«Nestes jogos tão competitivos há sempre pressão dos dois lados, para treinadores e jogadores de ambas as equipas. Temos de ter atenção que Portugal perdeu 7 pontos [nesta qualificação] e nós perdemos 4. Mesmo que a Suécia perca este jogo, o que não me acredito, ainda estaremos na corrida. Já Portugal, se perder, vai ficar sem grandes chances de apuramento. Acho que há mais pressão para os portugueses», começou por dizer Lars Lagerback aos jornalistas portugueses.

Lagerback espera uma partida agradável entre duas equipas «fortes», apesar da ausência do seu principal jogador. «Vai ser um jogo renhido, bem disputado. Eu não falaria em favoritos. A ausência do Ibrahimovic influencia o nosso jogo, muda a nossa forma de jogar. Temos outros bons jogadores mas não com a sua qualidade, nesse sentido ficamos mais fracos. Mas não é uma ausência que nos vá afectar em excesso, a base do jogo da Suécia será igual», disse o treinador, antes de recusar a divulgação antecipada do onze sueco.

Questionado sobre se via Portugal como uma equipa ou um grupo de bons jogadores, Lagerback não poupou nos elogios. «As duas coisas. Portugal tem grandes individualidades mas também uma base de jogo muito boa. Tem um bom ataque, jogadores com boa técnica individual, uma equipa muito forte nos passes, das melhores. Tem uma forma de jogar agradável.»

«Deco? Os médios são todos bons»

A dúvida acerca da presença de Deco na partida deste sábado é totalmente indiferente ao seleccionador sueco, porque o perigo não está só no número dez. «Com ou sem Deco? Não importa.
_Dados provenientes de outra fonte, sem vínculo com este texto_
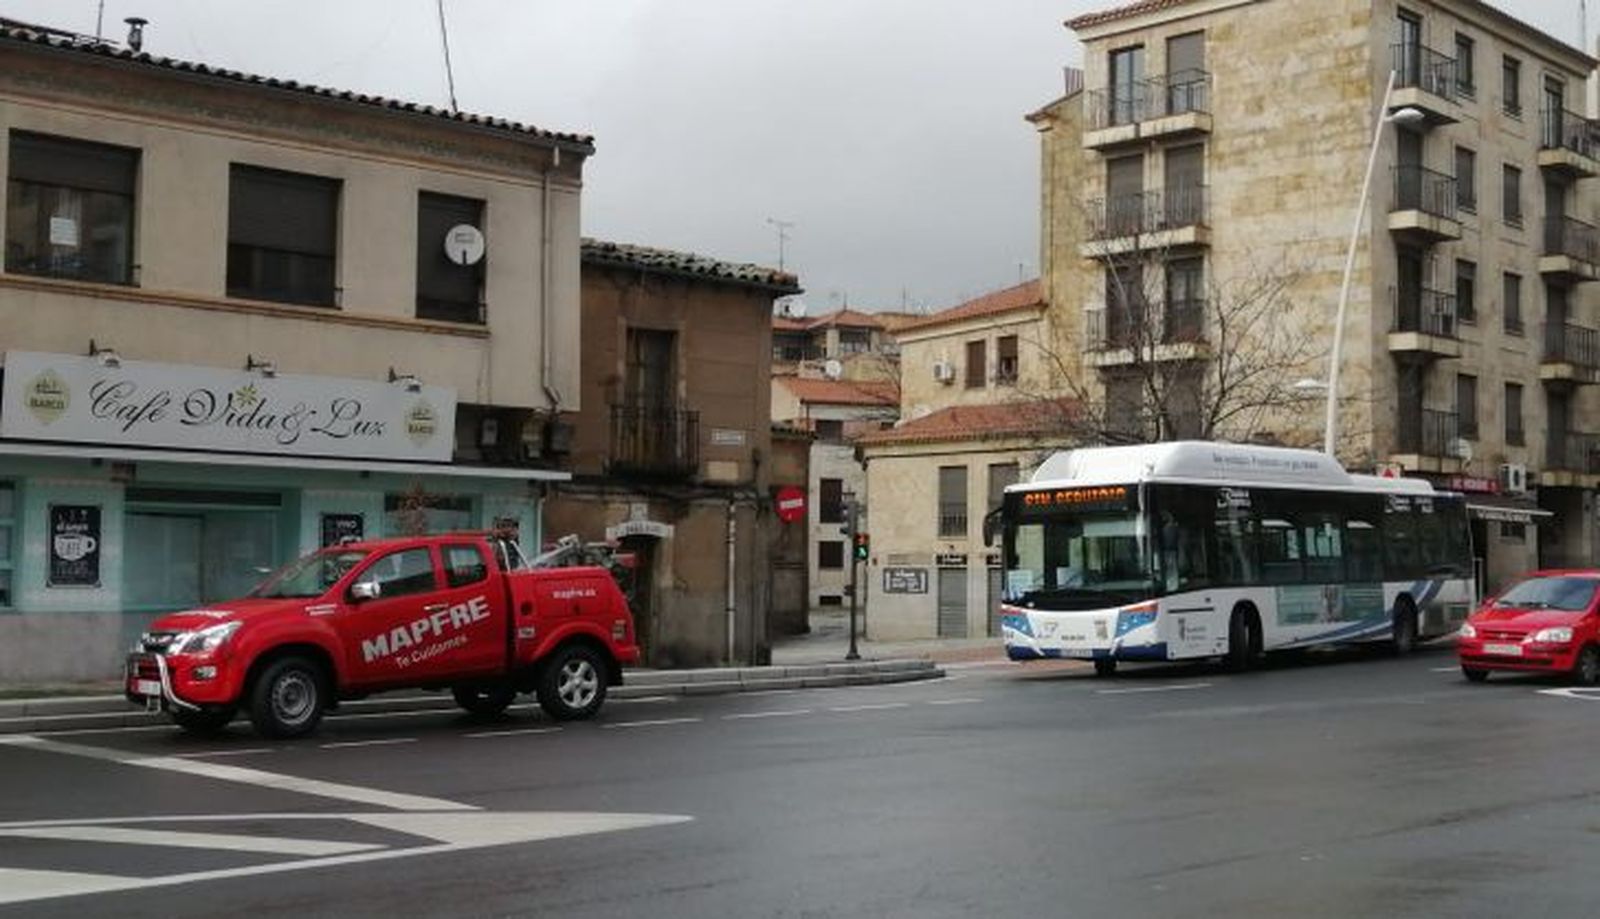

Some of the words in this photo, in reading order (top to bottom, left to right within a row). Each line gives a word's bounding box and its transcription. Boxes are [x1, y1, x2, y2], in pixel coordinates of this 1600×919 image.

[89, 380, 171, 432] Café
[180, 388, 277, 427] Vida
[276, 402, 317, 445] &
[310, 397, 387, 439] Luz
[362, 595, 491, 663] MAPFRE
[395, 654, 412, 668] Te
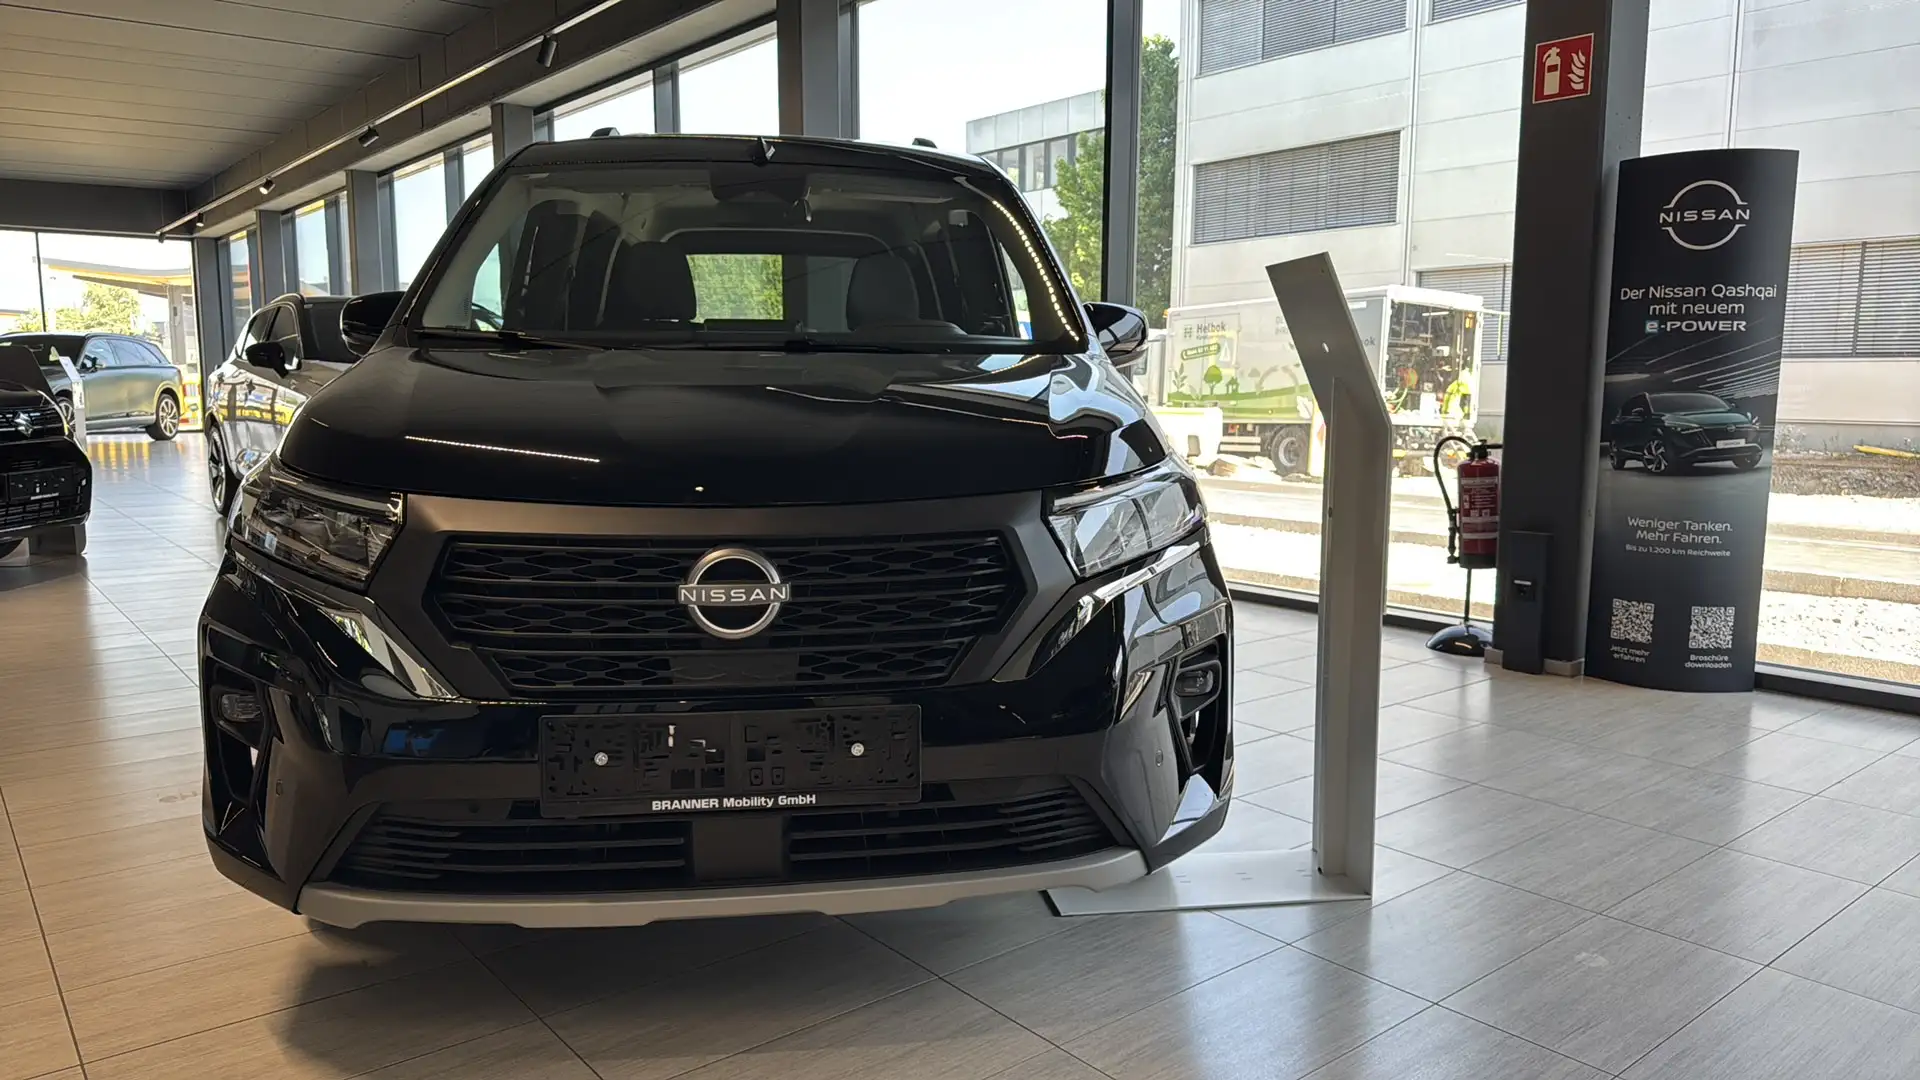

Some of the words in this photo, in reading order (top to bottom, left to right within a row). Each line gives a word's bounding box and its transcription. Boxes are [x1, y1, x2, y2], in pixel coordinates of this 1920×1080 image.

[1659, 208, 1750, 223] NISSAN
[1620, 287, 1645, 300] Der
[1649, 285, 1706, 298] Nissan
[1711, 283, 1777, 300] Qashqai
[1649, 302, 1677, 315] mit
[1682, 302, 1745, 314] neuem
[1196, 322, 1226, 333] Helbok
[1645, 320, 1747, 332] e-POWER
[1627, 516, 1680, 531] Weniger
[1683, 519, 1733, 532] Tanken.
[1636, 530, 1670, 542] Mehr
[1672, 532, 1722, 544] Fahren.
[1625, 543, 1637, 552] Bis
[1687, 549, 1731, 557] Reichweite
[681, 587, 786, 602] NISSAN
[1613, 653, 1646, 663] erfahren
[1629, 648, 1650, 656] mehr
[1690, 654, 1729, 662] Broschüre
[1685, 661, 1732, 669] downloaden
[651, 798, 719, 811] BRANNER
[723, 796, 774, 808] Mobility
[778, 794, 816, 806] GmbH
Para nós não importa, tenho muito respeito por ele, é um jogador experiente, auto-confiante, com grande visão, mas ao olhar para os outros médios de Portugal temos de nos preocupar com todos. Eles podem sentir a falta dele, mas para nós tanto faz que jogue Deco ou outro qualquer.»

Recuando um pouquinho na história, Lagerback faz uma análise à pouca sorte de Portugal dos últimos tempos. «Com Scolari formaram um bom grupo, praticavam bom futebol mas não conseguiram os objectivos. A selecção portuguesa foi algo infeliz nos últimos anos. E nos últimos jogos, como contra a Albânia, por exemplo. Às vezes acontece no futebol, a bola não entra, não se consegue marcar. E assim não se ganha.»